◆ **Activity**: The records that follow must be repeated exactly as they stand.

◆ **Text-to-region grounding data**:
* * * * * * * * *

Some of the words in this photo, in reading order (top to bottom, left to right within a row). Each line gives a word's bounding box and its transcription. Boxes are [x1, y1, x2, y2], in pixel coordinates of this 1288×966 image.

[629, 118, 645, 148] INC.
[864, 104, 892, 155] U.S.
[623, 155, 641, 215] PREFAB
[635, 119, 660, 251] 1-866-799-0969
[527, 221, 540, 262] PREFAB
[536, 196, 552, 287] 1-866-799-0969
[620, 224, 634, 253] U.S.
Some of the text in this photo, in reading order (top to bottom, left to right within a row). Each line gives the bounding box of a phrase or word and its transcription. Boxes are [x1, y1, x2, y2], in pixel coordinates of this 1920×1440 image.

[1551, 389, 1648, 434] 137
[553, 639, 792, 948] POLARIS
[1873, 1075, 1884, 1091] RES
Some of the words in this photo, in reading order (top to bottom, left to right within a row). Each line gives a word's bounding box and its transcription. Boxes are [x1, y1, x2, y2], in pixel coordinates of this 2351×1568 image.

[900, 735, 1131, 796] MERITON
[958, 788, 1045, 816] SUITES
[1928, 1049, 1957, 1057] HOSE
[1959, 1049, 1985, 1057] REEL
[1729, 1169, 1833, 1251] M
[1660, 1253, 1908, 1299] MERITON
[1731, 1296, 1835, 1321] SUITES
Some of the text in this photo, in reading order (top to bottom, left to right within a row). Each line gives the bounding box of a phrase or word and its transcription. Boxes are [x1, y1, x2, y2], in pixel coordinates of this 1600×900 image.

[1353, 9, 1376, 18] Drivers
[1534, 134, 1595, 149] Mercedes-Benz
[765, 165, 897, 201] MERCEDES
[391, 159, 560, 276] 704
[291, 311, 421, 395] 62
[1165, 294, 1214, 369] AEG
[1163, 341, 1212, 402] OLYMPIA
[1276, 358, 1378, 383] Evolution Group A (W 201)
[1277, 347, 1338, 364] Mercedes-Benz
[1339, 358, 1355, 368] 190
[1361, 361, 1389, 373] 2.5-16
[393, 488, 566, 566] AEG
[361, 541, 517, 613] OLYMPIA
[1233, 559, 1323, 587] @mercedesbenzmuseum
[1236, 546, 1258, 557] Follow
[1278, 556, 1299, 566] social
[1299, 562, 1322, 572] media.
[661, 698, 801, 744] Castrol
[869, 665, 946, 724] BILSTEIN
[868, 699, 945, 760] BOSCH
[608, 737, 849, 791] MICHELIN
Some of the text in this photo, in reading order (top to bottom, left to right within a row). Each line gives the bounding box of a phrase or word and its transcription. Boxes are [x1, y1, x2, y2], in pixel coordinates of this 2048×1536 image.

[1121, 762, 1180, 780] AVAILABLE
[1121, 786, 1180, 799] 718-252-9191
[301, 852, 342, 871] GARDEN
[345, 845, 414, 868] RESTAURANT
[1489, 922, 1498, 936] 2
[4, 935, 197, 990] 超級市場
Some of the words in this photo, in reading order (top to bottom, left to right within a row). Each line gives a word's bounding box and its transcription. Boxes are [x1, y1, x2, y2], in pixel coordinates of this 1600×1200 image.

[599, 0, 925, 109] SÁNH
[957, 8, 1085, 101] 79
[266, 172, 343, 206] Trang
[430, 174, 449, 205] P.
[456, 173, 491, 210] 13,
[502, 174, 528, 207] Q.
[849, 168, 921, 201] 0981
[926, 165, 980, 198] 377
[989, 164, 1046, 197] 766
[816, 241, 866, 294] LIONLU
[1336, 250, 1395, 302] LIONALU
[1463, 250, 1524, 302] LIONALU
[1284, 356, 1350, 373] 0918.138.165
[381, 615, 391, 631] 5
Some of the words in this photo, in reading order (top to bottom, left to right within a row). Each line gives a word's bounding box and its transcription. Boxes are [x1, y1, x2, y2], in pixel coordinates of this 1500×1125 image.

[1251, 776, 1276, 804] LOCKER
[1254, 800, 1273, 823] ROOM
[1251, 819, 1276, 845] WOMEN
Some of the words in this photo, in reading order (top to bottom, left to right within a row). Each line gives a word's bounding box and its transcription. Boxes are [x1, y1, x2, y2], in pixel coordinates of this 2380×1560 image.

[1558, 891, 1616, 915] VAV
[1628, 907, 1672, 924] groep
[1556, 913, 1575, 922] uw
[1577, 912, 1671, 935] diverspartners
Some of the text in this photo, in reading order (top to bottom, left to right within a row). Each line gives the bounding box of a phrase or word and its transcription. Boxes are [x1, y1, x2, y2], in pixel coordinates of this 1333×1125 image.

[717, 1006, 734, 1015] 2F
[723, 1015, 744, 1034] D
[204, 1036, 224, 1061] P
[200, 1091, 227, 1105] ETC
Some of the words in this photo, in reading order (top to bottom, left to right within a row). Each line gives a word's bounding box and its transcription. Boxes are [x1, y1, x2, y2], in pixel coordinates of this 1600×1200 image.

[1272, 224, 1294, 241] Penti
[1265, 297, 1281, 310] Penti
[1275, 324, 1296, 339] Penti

* * * * * * * * *

◆ **Result**:
Some of the words in this photo, in reading order (top to bottom, left to right within a row). Each line gives a word's bounding box and its transcription. Boxes are [x1, y1, x2, y2], in pixel coordinates of this 1288×966 image.

[629, 118, 645, 148] INC.
[864, 104, 892, 155] U.S.
[623, 155, 641, 215] PREFAB
[635, 119, 660, 251] 1-866-799-0969
[527, 221, 540, 262] PREFAB
[536, 196, 552, 287] 1-866-799-0969
[620, 224, 634, 253] U.S.
Some of the text in this photo, in reading order (top to bottom, left to right within a row). Each line gives the bounding box of a phrase or word and its transcription. Boxes are [x1, y1, x2, y2], in pixel coordinates of this 1920×1440 image.

[1551, 389, 1648, 434] 137
[553, 639, 792, 948] POLARIS
[1873, 1075, 1884, 1091] RES
Some of the words in this photo, in reading order (top to bottom, left to right within a row). Each line gives a word's bounding box and its transcription. Boxes are [x1, y1, x2, y2], in pixel coordinates of this 2351×1568 image.

[900, 735, 1131, 796] MERITON
[958, 788, 1045, 816] SUITES
[1928, 1049, 1957, 1057] HOSE
[1959, 1049, 1985, 1057] REEL
[1729, 1169, 1833, 1251] M
[1660, 1253, 1908, 1299] MERITON
[1731, 1296, 1835, 1321] SUITES
Some of the text in this photo, in reading order (top to bottom, left to right within a row). Each line gives the bounding box of a phrase or word and its transcription. Boxes are [x1, y1, x2, y2], in pixel coordinates of this 1600×900 image.

[1353, 9, 1376, 18] Drivers
[1534, 134, 1595, 149] Mercedes-Benz
[765, 165, 897, 201] MERCEDES
[391, 159, 560, 276] 704
[291, 311, 421, 395] 62
[1165, 294, 1214, 369] AEG
[1163, 341, 1212, 402] OLYMPIA
[1276, 358, 1378, 383] Evolution Group A (W 201)
[1277, 347, 1338, 364] Mercedes-Benz
[1339, 358, 1355, 368] 190
[1361, 361, 1389, 373] 2.5-16
[393, 488, 566, 566] AEG
[361, 541, 517, 613] OLYMPIA
[1233, 559, 1323, 587] @mercedesbenzmuseum
[1236, 546, 1258, 557] Follow
[1278, 556, 1299, 566] social
[1299, 562, 1322, 572] media.
[661, 698, 801, 744] Castrol
[869, 665, 946, 724] BILSTEIN
[868, 699, 945, 760] BOSCH
[608, 737, 849, 791] MICHELIN
Some of the text in this photo, in reading order (top to bottom, left to right within a row). Each line gives the bounding box of a phrase or word and its transcription. Boxes are [x1, y1, x2, y2], in pixel coordinates of this 2048×1536 image.

[1121, 762, 1180, 780] AVAILABLE
[1121, 786, 1180, 799] 718-252-9191
[301, 852, 342, 871] GARDEN
[345, 845, 414, 868] RESTAURANT
[1489, 922, 1498, 936] 2
[4, 935, 197, 990] 超級市場
Some of the words in this photo, in reading order (top to bottom, left to right within a row). Each line gives a word's bounding box and its transcription. Boxes are [x1, y1, x2, y2], in pixel coordinates of this 1600×1200 image.

[599, 0, 925, 109] SÁNH
[957, 8, 1085, 101] 79
[266, 172, 343, 206] Trang
[430, 174, 449, 205] P.
[456, 173, 491, 210] 13,
[502, 174, 528, 207] Q.
[849, 168, 921, 201] 0981
[926, 165, 980, 198] 377
[989, 164, 1046, 197] 766
[816, 241, 866, 294] LIONLU
[1336, 250, 1395, 302] LIONALU
[1463, 250, 1524, 302] LIONALU
[1284, 356, 1350, 373] 0918.138.165
[381, 615, 391, 631] 5
Some of the words in this photo, in reading order (top to bottom, left to right within a row). Each line gives a word's bounding box and its transcription. Boxes are [x1, y1, x2, y2], in pixel coordinates of this 1500×1125 image.

[1251, 776, 1276, 804] LOCKER
[1254, 800, 1273, 823] ROOM
[1251, 819, 1276, 845] WOMEN
Some of the words in this photo, in reading order (top to bottom, left to right within a row). Each line gives a word's bounding box and its transcription. Boxes are [x1, y1, x2, y2], in pixel coordinates of this 2380×1560 image.

[1558, 891, 1616, 915] VAV
[1628, 907, 1672, 924] groep
[1556, 913, 1575, 922] uw
[1577, 912, 1671, 935] diverspartners
Some of the text in this photo, in reading order (top to bottom, left to right within a row). Each line gives the bounding box of a phrase or word and its transcription. Boxes are [x1, y1, x2, y2], in pixel coordinates of this 1333×1125 image.

[717, 1006, 734, 1015] 2F
[723, 1015, 744, 1034] D
[204, 1036, 224, 1061] P
[200, 1091, 227, 1105] ETC
Some of the words in this photo, in reading order (top to bottom, left to right within a row). Each line gives a word's bounding box and its transcription. Boxes are [x1, y1, x2, y2], in pixel coordinates of this 1600×1200 image.

[1272, 224, 1294, 241] Penti
[1265, 297, 1281, 310] Penti
[1275, 324, 1296, 339] Penti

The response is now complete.